- _Activity_:
Copying each record below exactly is the whole task.

- _Provided material_:
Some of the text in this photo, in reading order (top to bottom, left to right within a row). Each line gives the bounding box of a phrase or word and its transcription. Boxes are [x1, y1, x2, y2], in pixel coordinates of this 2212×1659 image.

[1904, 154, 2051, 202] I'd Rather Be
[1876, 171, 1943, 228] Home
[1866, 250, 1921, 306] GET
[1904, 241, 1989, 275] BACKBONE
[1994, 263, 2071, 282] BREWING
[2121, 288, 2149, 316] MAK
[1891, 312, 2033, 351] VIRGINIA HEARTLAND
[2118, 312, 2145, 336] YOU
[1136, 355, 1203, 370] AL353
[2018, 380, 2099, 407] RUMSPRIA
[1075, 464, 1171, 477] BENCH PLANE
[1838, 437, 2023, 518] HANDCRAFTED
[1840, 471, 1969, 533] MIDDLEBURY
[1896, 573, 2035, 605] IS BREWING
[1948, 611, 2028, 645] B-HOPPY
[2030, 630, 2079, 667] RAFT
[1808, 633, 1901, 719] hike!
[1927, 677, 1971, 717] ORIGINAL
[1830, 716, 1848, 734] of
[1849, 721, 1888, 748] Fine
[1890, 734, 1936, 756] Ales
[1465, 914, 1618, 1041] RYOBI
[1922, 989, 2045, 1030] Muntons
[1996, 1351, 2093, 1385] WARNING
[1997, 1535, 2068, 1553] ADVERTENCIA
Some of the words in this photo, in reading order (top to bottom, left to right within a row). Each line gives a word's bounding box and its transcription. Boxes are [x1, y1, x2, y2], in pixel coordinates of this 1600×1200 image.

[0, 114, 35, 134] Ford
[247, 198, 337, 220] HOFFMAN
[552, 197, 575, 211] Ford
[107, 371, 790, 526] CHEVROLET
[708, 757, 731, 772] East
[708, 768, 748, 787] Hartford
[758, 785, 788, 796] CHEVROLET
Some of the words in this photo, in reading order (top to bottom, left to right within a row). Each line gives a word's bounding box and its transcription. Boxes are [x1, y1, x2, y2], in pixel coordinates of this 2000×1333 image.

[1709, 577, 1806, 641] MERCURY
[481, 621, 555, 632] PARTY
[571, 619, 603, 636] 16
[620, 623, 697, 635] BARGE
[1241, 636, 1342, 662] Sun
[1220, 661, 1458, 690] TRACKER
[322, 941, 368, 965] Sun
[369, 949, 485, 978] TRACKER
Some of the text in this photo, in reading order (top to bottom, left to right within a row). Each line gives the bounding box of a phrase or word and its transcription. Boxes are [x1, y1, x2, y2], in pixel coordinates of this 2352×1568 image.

- _Solved exercise_:
Some of the text in this photo, in reading order (top to bottom, left to right within a row). Each line gives the bounding box of a phrase or word and its transcription. Boxes are [x1, y1, x2, y2], in pixel coordinates of this 2212×1659 image.

[1904, 154, 2051, 202] I'd Rather Be
[1876, 171, 1943, 228] Home
[1866, 250, 1921, 306] GET
[1904, 241, 1989, 275] BACKBONE
[1994, 263, 2071, 282] BREWING
[2121, 288, 2149, 316] MAK
[1891, 312, 2033, 351] VIRGINIA HEARTLAND
[2118, 312, 2145, 336] YOU
[1136, 355, 1203, 370] AL353
[2018, 380, 2099, 407] RUMSPRIA
[1075, 464, 1171, 477] BENCH PLANE
[1838, 437, 2023, 518] HANDCRAFTED
[1840, 471, 1969, 533] MIDDLEBURY
[1896, 573, 2035, 605] IS BREWING
[1948, 611, 2028, 645] B-HOPPY
[2030, 630, 2079, 667] RAFT
[1808, 633, 1901, 719] hike!
[1927, 677, 1971, 717] ORIGINAL
[1830, 716, 1848, 734] of
[1849, 721, 1888, 748] Fine
[1890, 734, 1936, 756] Ales
[1465, 914, 1618, 1041] RYOBI
[1922, 989, 2045, 1030] Muntons
[1996, 1351, 2093, 1385] WARNING
[1997, 1535, 2068, 1553] ADVERTENCIA
Some of the words in this photo, in reading order (top to bottom, left to right within a row). Each line gives a word's bounding box and its transcription. Boxes are [x1, y1, x2, y2], in pixel coordinates of this 1600×1200 image.

[0, 114, 35, 134] Ford
[247, 198, 337, 220] HOFFMAN
[552, 197, 575, 211] Ford
[107, 371, 790, 526] CHEVROLET
[708, 757, 731, 772] East
[708, 768, 748, 787] Hartford
[758, 785, 788, 796] CHEVROLET
Some of the words in this photo, in reading order (top to bottom, left to right within a row). Each line gives a word's bounding box and its transcription. Boxes are [x1, y1, x2, y2], in pixel coordinates of this 2000×1333 image.

[1709, 577, 1806, 641] MERCURY
[481, 621, 555, 632] PARTY
[571, 619, 603, 636] 16
[620, 623, 697, 635] BARGE
[1241, 636, 1342, 662] Sun
[1220, 661, 1458, 690] TRACKER
[322, 941, 368, 965] Sun
[369, 949, 485, 978] TRACKER
Some of the text in this photo, in reading order (top to bottom, left to right within a row). Each line gives the bounding box of a phrase or word and its transcription. Boxes are [x1, y1, x2, y2], in pixel coordinates of this 2352×1568 image.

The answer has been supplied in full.